* **Work item**:
Give back the entries that follow exactly as written. Any picture gets left out.

* **Provided data**:
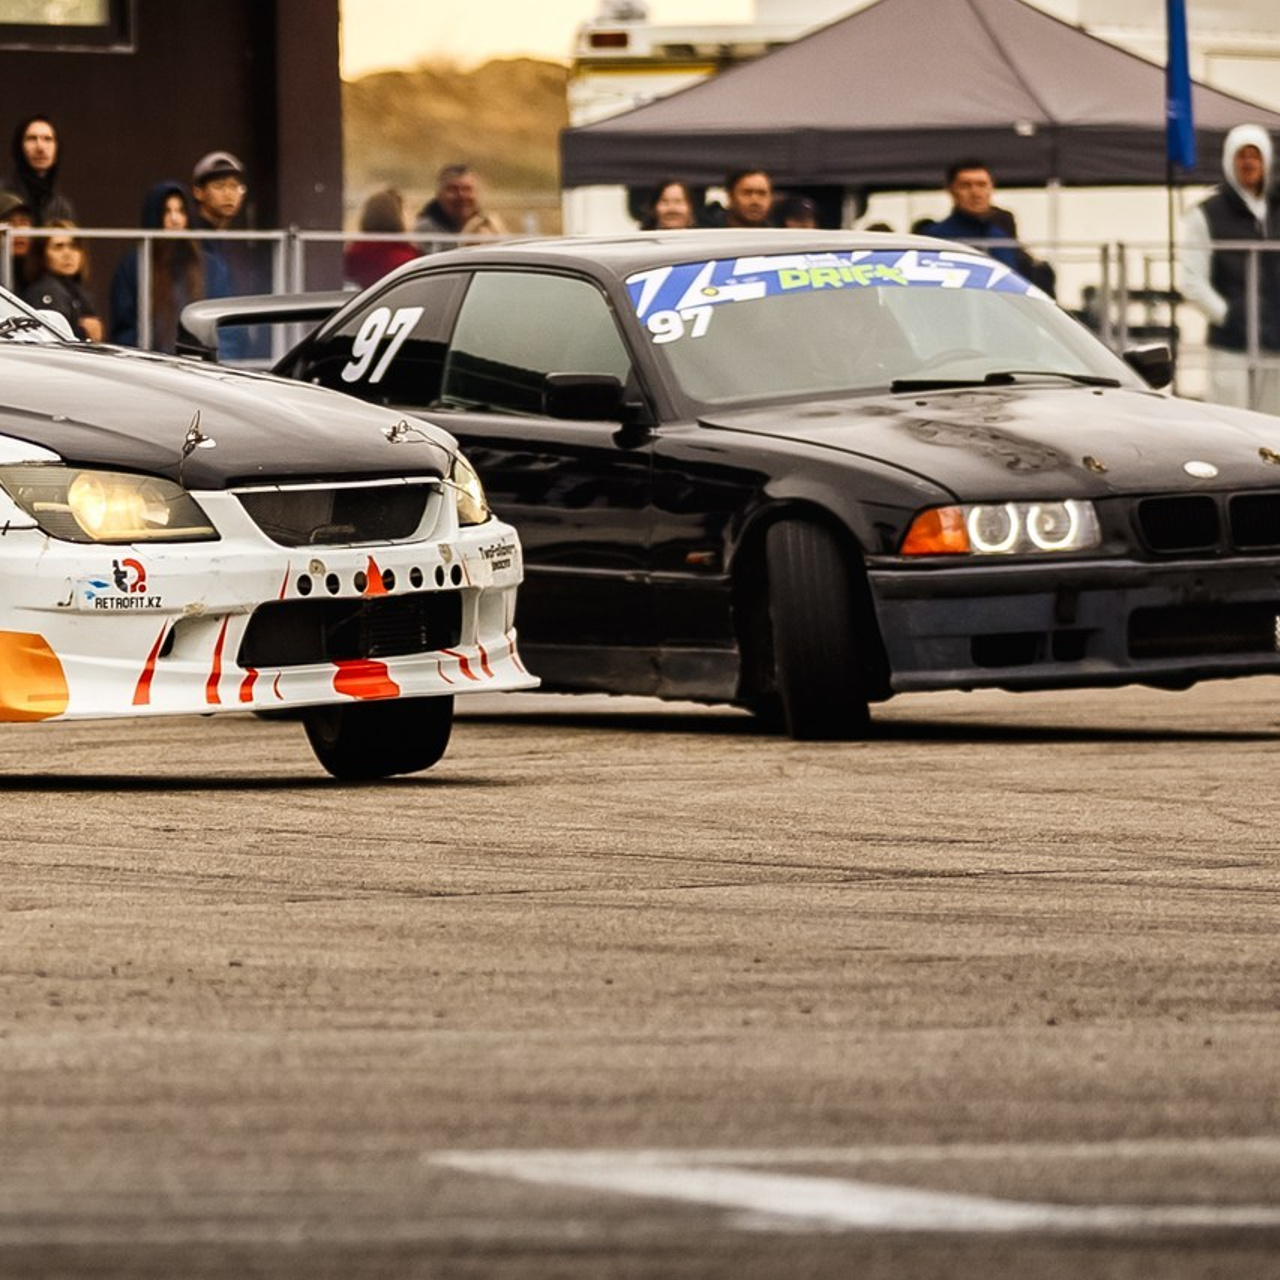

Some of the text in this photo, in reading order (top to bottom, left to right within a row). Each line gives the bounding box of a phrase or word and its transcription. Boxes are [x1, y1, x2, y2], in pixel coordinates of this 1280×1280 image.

[646, 305, 715, 344] 97
[340, 306, 425, 383] 97
[95, 596, 163, 609] RETROFIT.KZ
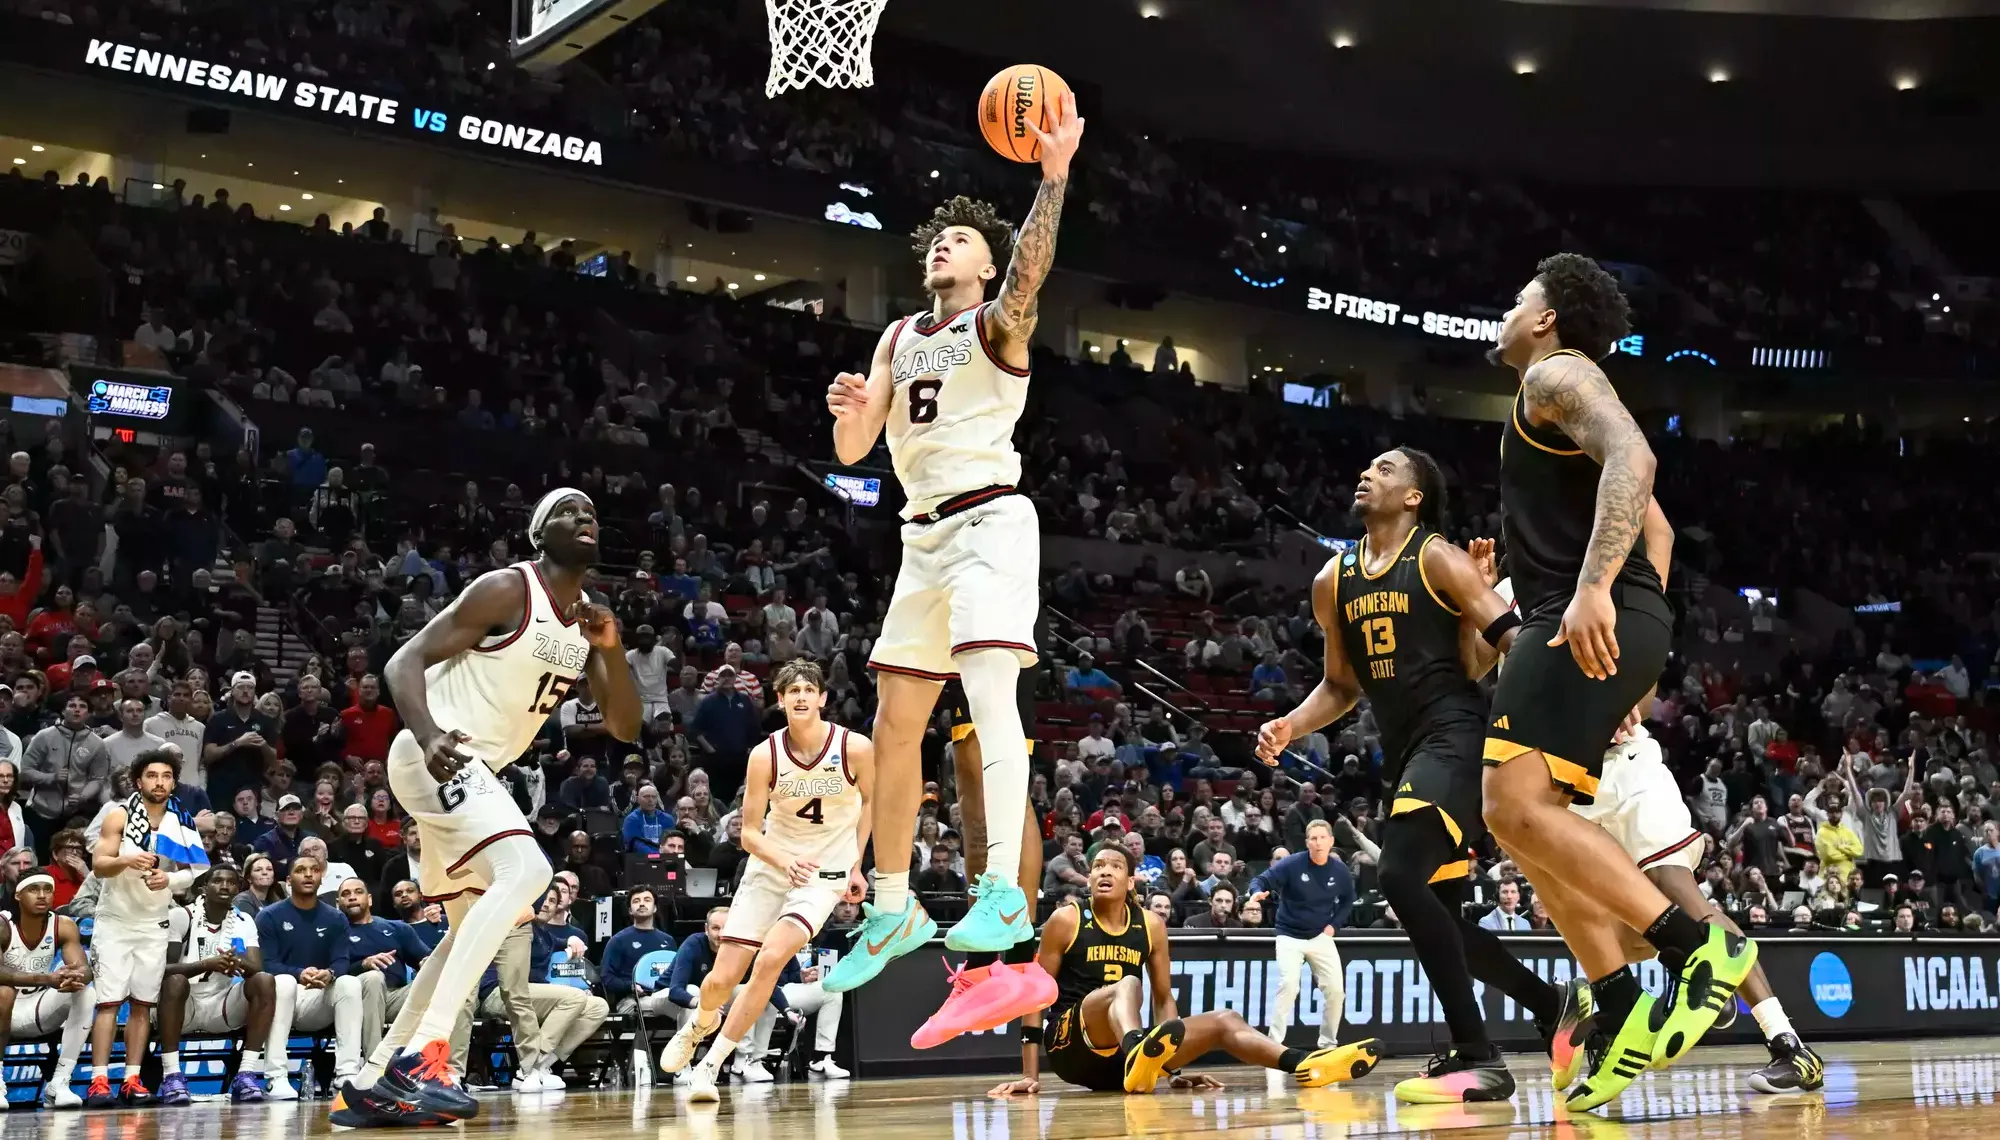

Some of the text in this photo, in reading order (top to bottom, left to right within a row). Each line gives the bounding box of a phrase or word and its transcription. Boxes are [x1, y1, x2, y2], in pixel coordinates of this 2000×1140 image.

[85, 38, 602, 165] KENNESAW STATE VS GONZAGA
[1014, 75, 1035, 139] Wilson
[1334, 293, 1504, 342] FIRST SECON
[893, 338, 972, 385] ZAGS
[106, 384, 148, 400] MARCH
[110, 396, 167, 414] MADNESS
[909, 379, 943, 425] 8
[1345, 591, 1409, 625] KENNESAW
[532, 632, 589, 672] ZAGS
[1361, 617, 1396, 656] 13
[1370, 658, 1395, 680] STATE
[527, 671, 578, 715] 15
[778, 776, 843, 798] ZAGS
[796, 797, 824, 825] 4
[1086, 944, 1142, 967] KENNESAW
[1815, 983, 1852, 1001] NCAA
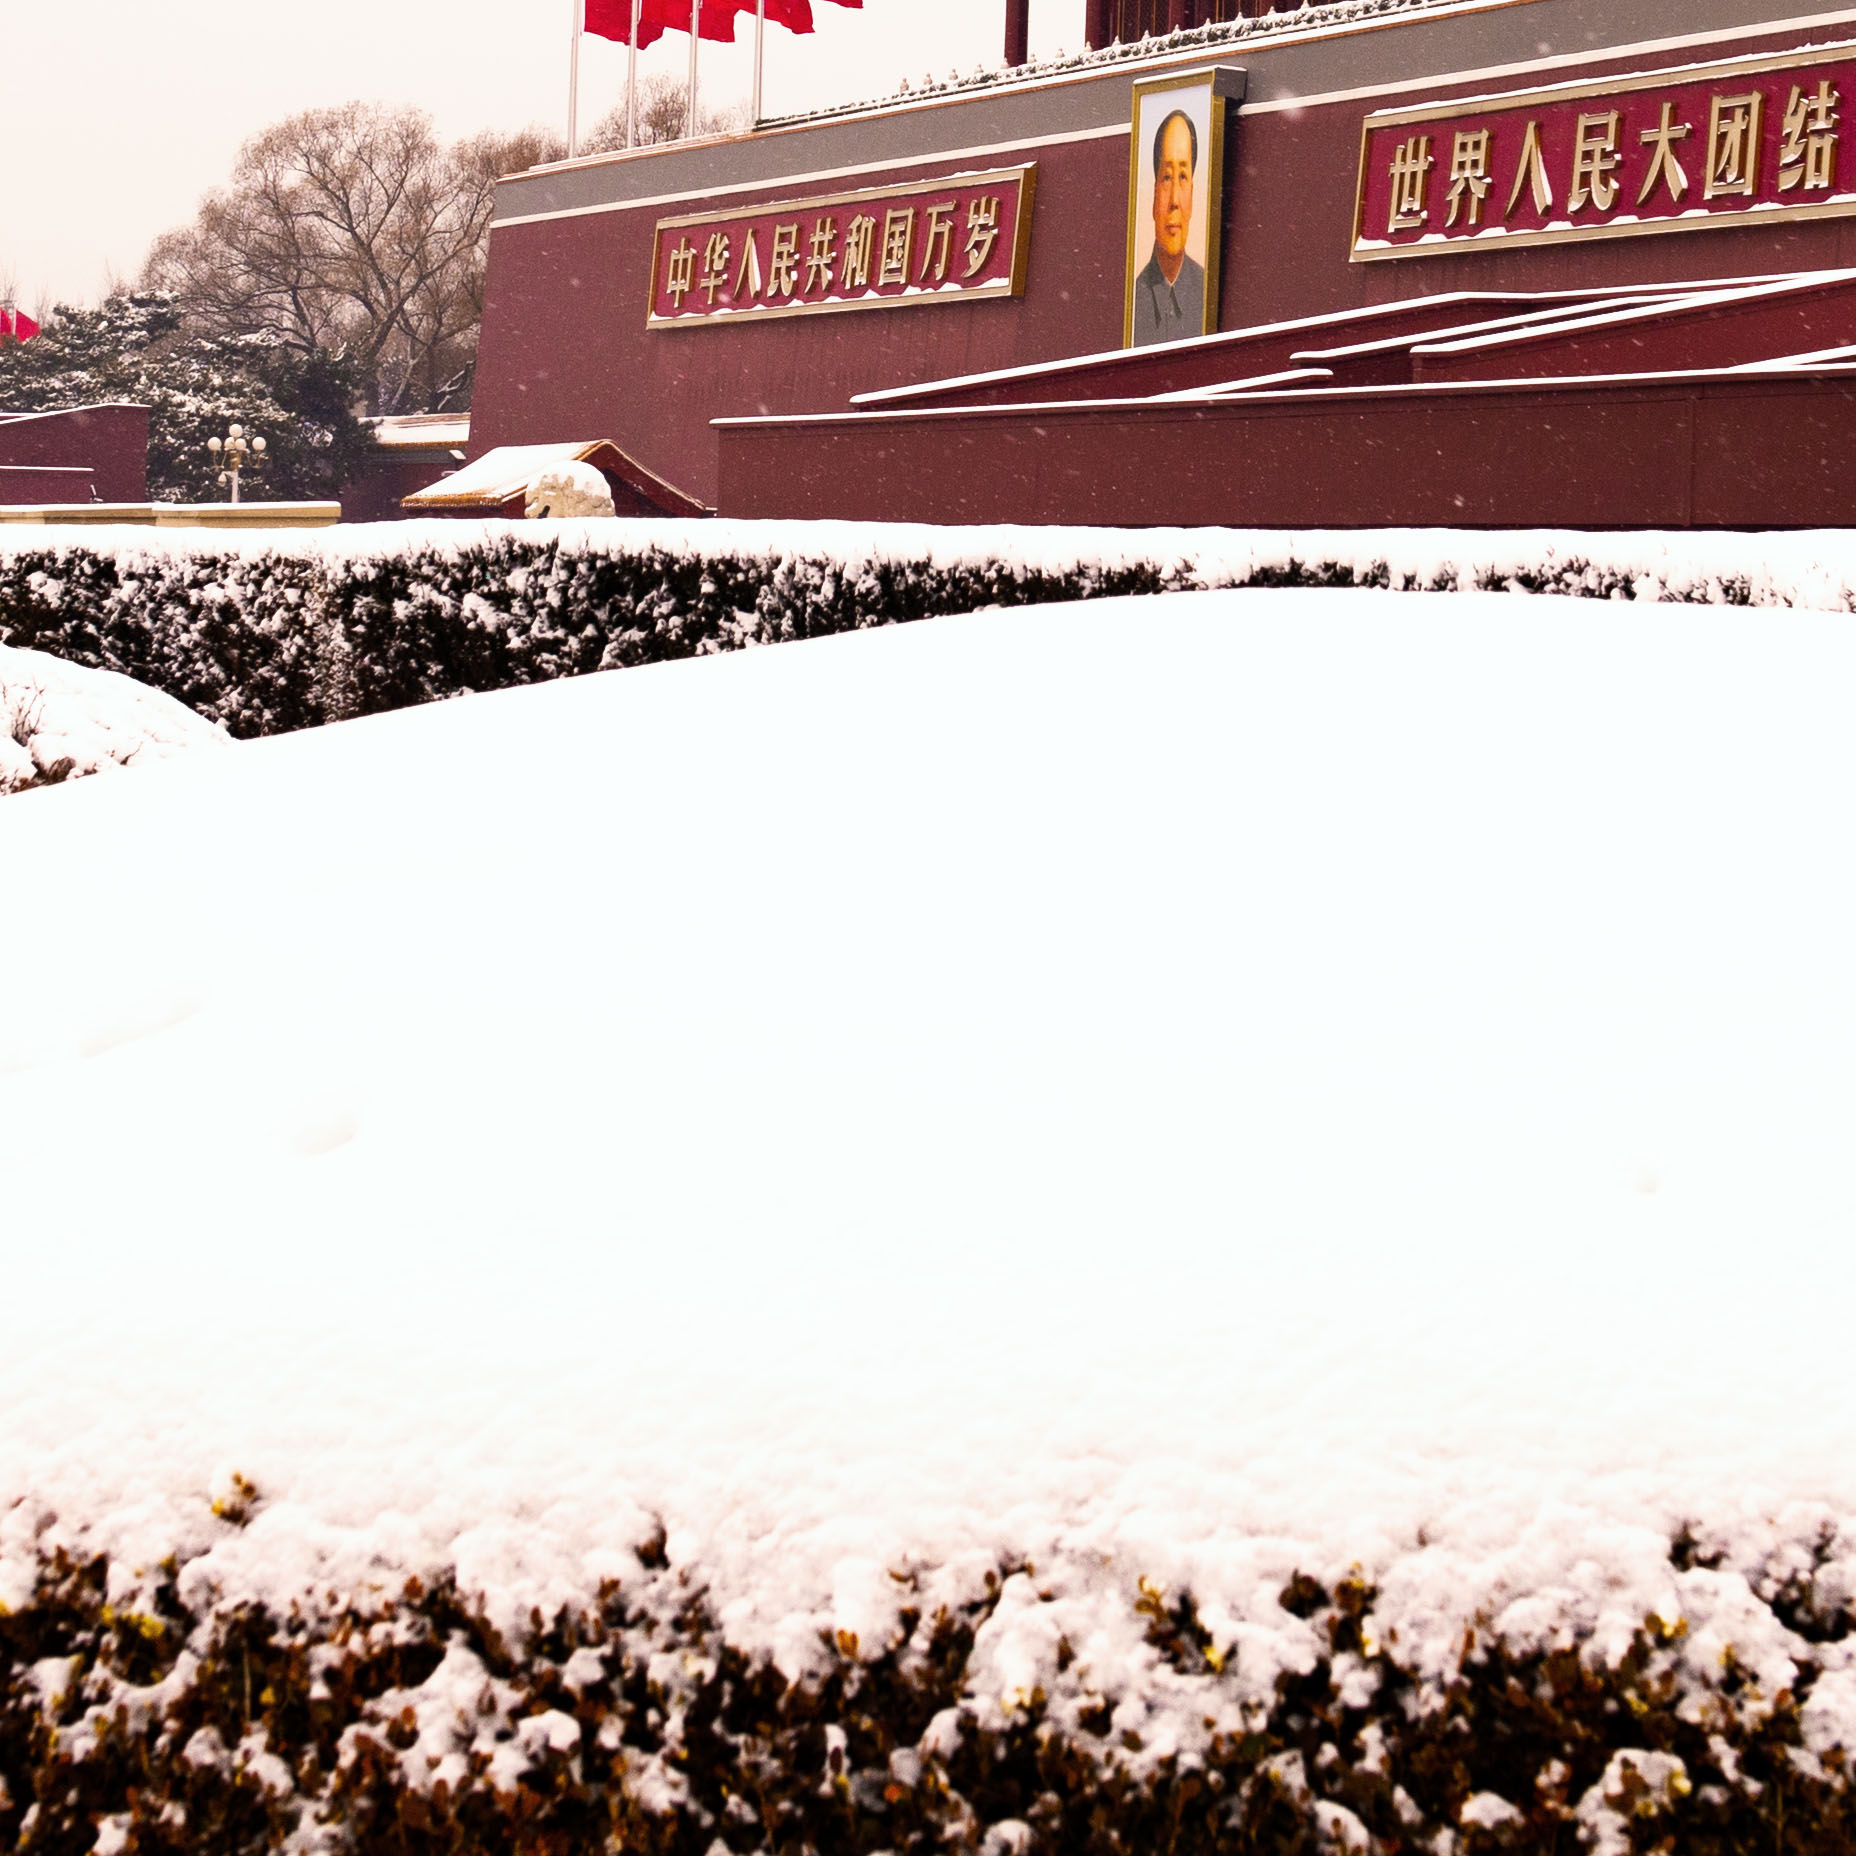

* **Answer box**:
Some of the text in this photo, in reading order (top to bottom, left to right within a row). Each line gives the bounding box of a phrase or word and its transcription. Boxes are [x1, y1, x2, y2], in pixel coordinates of this 1280×1280 image.

[646, 305, 715, 344] 97
[340, 306, 425, 383] 97
[95, 596, 163, 609] RETROFIT.KZ

Some of the text in this photo, in reading order (top to bottom, left to right within a row). Each line gives the bounding box of a phrase or word and its transcription. Boxes are [x1, y1, x2, y2], in pixel coordinates of this 2000×1140 image.

[85, 38, 602, 165] KENNESAW STATE VS GONZAGA
[1014, 75, 1035, 139] Wilson
[1334, 293, 1504, 342] FIRST SECON
[893, 338, 972, 385] ZAGS
[106, 384, 148, 400] MARCH
[110, 396, 167, 414] MADNESS
[909, 379, 943, 425] 8
[1345, 591, 1409, 625] KENNESAW
[532, 632, 589, 672] ZAGS
[1361, 617, 1396, 656] 13
[1370, 658, 1395, 680] STATE
[527, 671, 578, 715] 15
[778, 776, 843, 798] ZAGS
[796, 797, 824, 825] 4
[1086, 944, 1142, 967] KENNESAW
[1815, 983, 1852, 1001] NCAA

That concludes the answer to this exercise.